* [REQUIREMENT]
An exact transcript of all the records is required, with nothing left out.

Stored data entries:
# # # # #
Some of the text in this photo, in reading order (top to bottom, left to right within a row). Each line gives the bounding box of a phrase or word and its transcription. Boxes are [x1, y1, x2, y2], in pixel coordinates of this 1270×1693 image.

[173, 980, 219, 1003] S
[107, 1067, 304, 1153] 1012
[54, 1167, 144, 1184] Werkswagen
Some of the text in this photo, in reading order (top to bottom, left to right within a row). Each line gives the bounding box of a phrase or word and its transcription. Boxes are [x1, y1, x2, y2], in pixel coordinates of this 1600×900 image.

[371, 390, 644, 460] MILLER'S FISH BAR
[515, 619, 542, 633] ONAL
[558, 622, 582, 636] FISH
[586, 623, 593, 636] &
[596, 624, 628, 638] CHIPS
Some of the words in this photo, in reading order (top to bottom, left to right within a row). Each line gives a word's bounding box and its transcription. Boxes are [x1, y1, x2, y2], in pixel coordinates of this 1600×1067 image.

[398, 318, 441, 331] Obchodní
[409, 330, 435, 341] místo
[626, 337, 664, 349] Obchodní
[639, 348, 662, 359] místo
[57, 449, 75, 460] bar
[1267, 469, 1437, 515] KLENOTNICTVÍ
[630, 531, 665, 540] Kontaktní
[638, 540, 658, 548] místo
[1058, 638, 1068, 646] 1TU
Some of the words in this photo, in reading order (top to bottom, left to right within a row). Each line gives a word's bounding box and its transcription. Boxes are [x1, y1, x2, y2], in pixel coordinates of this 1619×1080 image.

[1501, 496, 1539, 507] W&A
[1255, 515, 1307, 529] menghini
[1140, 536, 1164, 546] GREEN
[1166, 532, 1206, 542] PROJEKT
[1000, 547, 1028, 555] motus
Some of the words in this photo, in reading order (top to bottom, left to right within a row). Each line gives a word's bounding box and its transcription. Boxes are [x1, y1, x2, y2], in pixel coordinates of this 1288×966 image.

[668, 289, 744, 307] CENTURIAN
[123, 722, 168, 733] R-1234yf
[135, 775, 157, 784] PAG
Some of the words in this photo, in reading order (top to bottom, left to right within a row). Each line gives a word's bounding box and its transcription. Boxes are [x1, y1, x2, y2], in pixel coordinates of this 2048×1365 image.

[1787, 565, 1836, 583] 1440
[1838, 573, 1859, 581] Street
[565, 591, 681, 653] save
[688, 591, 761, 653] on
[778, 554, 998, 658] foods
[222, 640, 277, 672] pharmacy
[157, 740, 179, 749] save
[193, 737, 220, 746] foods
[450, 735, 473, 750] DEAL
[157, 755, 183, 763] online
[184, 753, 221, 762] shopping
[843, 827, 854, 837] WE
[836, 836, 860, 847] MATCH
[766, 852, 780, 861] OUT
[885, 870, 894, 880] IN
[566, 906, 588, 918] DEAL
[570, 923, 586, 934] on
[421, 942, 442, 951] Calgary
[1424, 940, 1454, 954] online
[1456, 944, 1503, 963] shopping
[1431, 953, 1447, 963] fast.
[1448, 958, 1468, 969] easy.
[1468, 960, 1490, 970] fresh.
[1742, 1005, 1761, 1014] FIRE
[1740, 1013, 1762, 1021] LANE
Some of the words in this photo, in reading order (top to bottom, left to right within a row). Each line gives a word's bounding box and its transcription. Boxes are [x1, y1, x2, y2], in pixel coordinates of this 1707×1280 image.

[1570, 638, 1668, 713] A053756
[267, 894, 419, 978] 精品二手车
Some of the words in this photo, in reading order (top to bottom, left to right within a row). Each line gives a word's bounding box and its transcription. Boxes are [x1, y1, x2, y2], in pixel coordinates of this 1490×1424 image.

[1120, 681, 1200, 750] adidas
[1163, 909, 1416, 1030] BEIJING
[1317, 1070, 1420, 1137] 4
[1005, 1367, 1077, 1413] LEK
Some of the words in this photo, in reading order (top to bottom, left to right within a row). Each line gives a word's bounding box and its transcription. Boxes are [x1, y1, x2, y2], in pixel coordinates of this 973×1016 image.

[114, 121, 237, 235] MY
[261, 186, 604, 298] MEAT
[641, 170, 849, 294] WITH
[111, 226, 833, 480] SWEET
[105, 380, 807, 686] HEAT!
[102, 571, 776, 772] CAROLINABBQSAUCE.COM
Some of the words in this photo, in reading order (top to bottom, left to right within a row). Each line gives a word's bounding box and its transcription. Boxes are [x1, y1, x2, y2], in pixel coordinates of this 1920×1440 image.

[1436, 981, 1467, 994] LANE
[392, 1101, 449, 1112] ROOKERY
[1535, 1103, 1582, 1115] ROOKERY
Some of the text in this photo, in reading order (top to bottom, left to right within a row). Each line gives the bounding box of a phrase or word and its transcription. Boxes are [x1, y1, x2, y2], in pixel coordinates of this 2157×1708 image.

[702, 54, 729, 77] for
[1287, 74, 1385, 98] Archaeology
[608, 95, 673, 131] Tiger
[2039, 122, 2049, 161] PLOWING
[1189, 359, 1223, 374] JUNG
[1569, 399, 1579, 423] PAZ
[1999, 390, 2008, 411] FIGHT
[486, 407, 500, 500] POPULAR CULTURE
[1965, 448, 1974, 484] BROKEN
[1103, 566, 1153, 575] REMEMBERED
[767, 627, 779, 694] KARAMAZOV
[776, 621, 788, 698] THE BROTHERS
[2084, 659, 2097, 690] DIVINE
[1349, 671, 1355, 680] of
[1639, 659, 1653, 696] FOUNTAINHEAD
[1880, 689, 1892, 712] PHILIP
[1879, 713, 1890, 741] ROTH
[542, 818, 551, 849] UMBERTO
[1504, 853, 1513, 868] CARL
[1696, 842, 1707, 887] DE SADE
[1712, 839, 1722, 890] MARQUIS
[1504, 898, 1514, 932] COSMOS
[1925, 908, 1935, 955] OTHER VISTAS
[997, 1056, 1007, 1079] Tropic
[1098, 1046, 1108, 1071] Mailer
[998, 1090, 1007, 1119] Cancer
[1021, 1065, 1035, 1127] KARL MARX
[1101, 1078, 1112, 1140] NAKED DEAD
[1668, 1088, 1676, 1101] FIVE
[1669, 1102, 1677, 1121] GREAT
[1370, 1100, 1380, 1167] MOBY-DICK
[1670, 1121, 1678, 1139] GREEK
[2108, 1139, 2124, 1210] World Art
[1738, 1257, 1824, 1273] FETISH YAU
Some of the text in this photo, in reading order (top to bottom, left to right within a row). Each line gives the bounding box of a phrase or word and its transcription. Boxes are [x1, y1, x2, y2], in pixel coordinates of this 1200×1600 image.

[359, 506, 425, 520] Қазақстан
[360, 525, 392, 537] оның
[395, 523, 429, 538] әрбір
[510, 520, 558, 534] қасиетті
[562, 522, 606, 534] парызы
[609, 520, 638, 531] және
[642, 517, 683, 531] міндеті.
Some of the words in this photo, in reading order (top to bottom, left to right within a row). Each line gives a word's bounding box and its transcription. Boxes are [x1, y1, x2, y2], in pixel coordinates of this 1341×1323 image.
# # # # #
* [EXERCISE RESULT]
Some of the text in this photo, in reading order (top to bottom, left to right within a row). Each line gives the bounding box of a phrase or word and its transcription. Boxes are [x1, y1, x2, y2], in pixel coordinates of this 1270×1693 image.

[173, 980, 219, 1003] S
[107, 1067, 304, 1153] 1012
[54, 1167, 144, 1184] Werkswagen
Some of the text in this photo, in reading order (top to bottom, left to right within a row). Each line gives the bounding box of a phrase or word and its transcription. Boxes are [x1, y1, x2, y2], in pixel coordinates of this 1600×900 image.

[371, 390, 644, 460] MILLER'S FISH BAR
[515, 619, 542, 633] ONAL
[558, 622, 582, 636] FISH
[586, 623, 593, 636] &
[596, 624, 628, 638] CHIPS
Some of the words in this photo, in reading order (top to bottom, left to right within a row). Each line gives a word's bounding box and its transcription. Boxes are [x1, y1, x2, y2], in pixel coordinates of this 1600×1067 image.

[398, 318, 441, 331] Obchodní
[409, 330, 435, 341] místo
[626, 337, 664, 349] Obchodní
[639, 348, 662, 359] místo
[57, 449, 75, 460] bar
[1267, 469, 1437, 515] KLENOTNICTVÍ
[630, 531, 665, 540] Kontaktní
[638, 540, 658, 548] místo
[1058, 638, 1068, 646] 1TU
Some of the words in this photo, in reading order (top to bottom, left to right within a row). Each line gives a word's bounding box and its transcription. Boxes are [x1, y1, x2, y2], in pixel coordinates of this 1619×1080 image.

[1501, 496, 1539, 507] W&A
[1255, 515, 1307, 529] menghini
[1140, 536, 1164, 546] GREEN
[1166, 532, 1206, 542] PROJEKT
[1000, 547, 1028, 555] motus
Some of the words in this photo, in reading order (top to bottom, left to right within a row). Each line gives a word's bounding box and its transcription. Boxes are [x1, y1, x2, y2], in pixel coordinates of this 1288×966 image.

[668, 289, 744, 307] CENTURIAN
[123, 722, 168, 733] R-1234yf
[135, 775, 157, 784] PAG
Some of the words in this photo, in reading order (top to bottom, left to right within a row). Each line gives a word's bounding box and its transcription. Boxes are [x1, y1, x2, y2], in pixel coordinates of this 2048×1365 image.

[1787, 565, 1836, 583] 1440
[1838, 573, 1859, 581] Street
[565, 591, 681, 653] save
[688, 591, 761, 653] on
[778, 554, 998, 658] foods
[222, 640, 277, 672] pharmacy
[157, 740, 179, 749] save
[193, 737, 220, 746] foods
[450, 735, 473, 750] DEAL
[157, 755, 183, 763] online
[184, 753, 221, 762] shopping
[843, 827, 854, 837] WE
[836, 836, 860, 847] MATCH
[766, 852, 780, 861] OUT
[885, 870, 894, 880] IN
[566, 906, 588, 918] DEAL
[570, 923, 586, 934] on
[421, 942, 442, 951] Calgary
[1424, 940, 1454, 954] online
[1456, 944, 1503, 963] shopping
[1431, 953, 1447, 963] fast.
[1448, 958, 1468, 969] easy.
[1468, 960, 1490, 970] fresh.
[1742, 1005, 1761, 1014] FIRE
[1740, 1013, 1762, 1021] LANE
Some of the words in this photo, in reading order (top to bottom, left to right within a row). Each line gives a word's bounding box and its transcription. Boxes are [x1, y1, x2, y2], in pixel coordinates of this 1707×1280 image.

[1570, 638, 1668, 713] A053756
[267, 894, 419, 978] 精品二手车
Some of the words in this photo, in reading order (top to bottom, left to right within a row). Each line gives a word's bounding box and its transcription. Boxes are [x1, y1, x2, y2], in pixel coordinates of this 1490×1424 image.

[1120, 681, 1200, 750] adidas
[1163, 909, 1416, 1030] BEIJING
[1317, 1070, 1420, 1137] 4
[1005, 1367, 1077, 1413] LEK
Some of the words in this photo, in reading order (top to bottom, left to right within a row). Each line gives a word's bounding box and its transcription. Boxes are [x1, y1, x2, y2], in pixel coordinates of this 973×1016 image.

[114, 121, 237, 235] MY
[261, 186, 604, 298] MEAT
[641, 170, 849, 294] WITH
[111, 226, 833, 480] SWEET
[105, 380, 807, 686] HEAT!
[102, 571, 776, 772] CAROLINABBQSAUCE.COM
Some of the words in this photo, in reading order (top to bottom, left to right within a row). Each line gives a word's bounding box and its transcription. Boxes are [x1, y1, x2, y2], in pixel coordinates of this 1920×1440 image.

[1436, 981, 1467, 994] LANE
[392, 1101, 449, 1112] ROOKERY
[1535, 1103, 1582, 1115] ROOKERY
Some of the text in this photo, in reading order (top to bottom, left to right within a row). Each line gives the bounding box of a phrase or word and its transcription. Boxes are [x1, y1, x2, y2], in pixel coordinates of this 2157×1708 image.

[702, 54, 729, 77] for
[1287, 74, 1385, 98] Archaeology
[608, 95, 673, 131] Tiger
[2039, 122, 2049, 161] PLOWING
[1189, 359, 1223, 374] JUNG
[1569, 399, 1579, 423] PAZ
[1999, 390, 2008, 411] FIGHT
[486, 407, 500, 500] POPULAR CULTURE
[1965, 448, 1974, 484] BROKEN
[1103, 566, 1153, 575] REMEMBERED
[767, 627, 779, 694] KARAMAZOV
[776, 621, 788, 698] THE BROTHERS
[2084, 659, 2097, 690] DIVINE
[1349, 671, 1355, 680] of
[1639, 659, 1653, 696] FOUNTAINHEAD
[1880, 689, 1892, 712] PHILIP
[1879, 713, 1890, 741] ROTH
[542, 818, 551, 849] UMBERTO
[1504, 853, 1513, 868] CARL
[1696, 842, 1707, 887] DE SADE
[1712, 839, 1722, 890] MARQUIS
[1504, 898, 1514, 932] COSMOS
[1925, 908, 1935, 955] OTHER VISTAS
[997, 1056, 1007, 1079] Tropic
[1098, 1046, 1108, 1071] Mailer
[998, 1090, 1007, 1119] Cancer
[1021, 1065, 1035, 1127] KARL MARX
[1101, 1078, 1112, 1140] NAKED DEAD
[1668, 1088, 1676, 1101] FIVE
[1669, 1102, 1677, 1121] GREAT
[1370, 1100, 1380, 1167] MOBY-DICK
[1670, 1121, 1678, 1139] GREEK
[2108, 1139, 2124, 1210] World Art
[1738, 1257, 1824, 1273] FETISH YAU
Some of the text in this photo, in reading order (top to bottom, left to right within a row). Each line gives the bounding box of a phrase or word and its transcription. Boxes are [x1, y1, x2, y2], in pixel coordinates of this 1200×1600 image.

[359, 506, 425, 520] Қазақстан
[360, 525, 392, 537] оның
[395, 523, 429, 538] әрбір
[510, 520, 558, 534] қасиетті
[562, 522, 606, 534] парызы
[609, 520, 638, 531] және
[642, 517, 683, 531] міндеті.
Some of the words in this photo, in reading order (top to bottom, left to right within a row). Each line gives a word's bounding box and its transcription. Boxes are [x1, y1, x2, y2], in pixel coordinates of this 1341×1323 image.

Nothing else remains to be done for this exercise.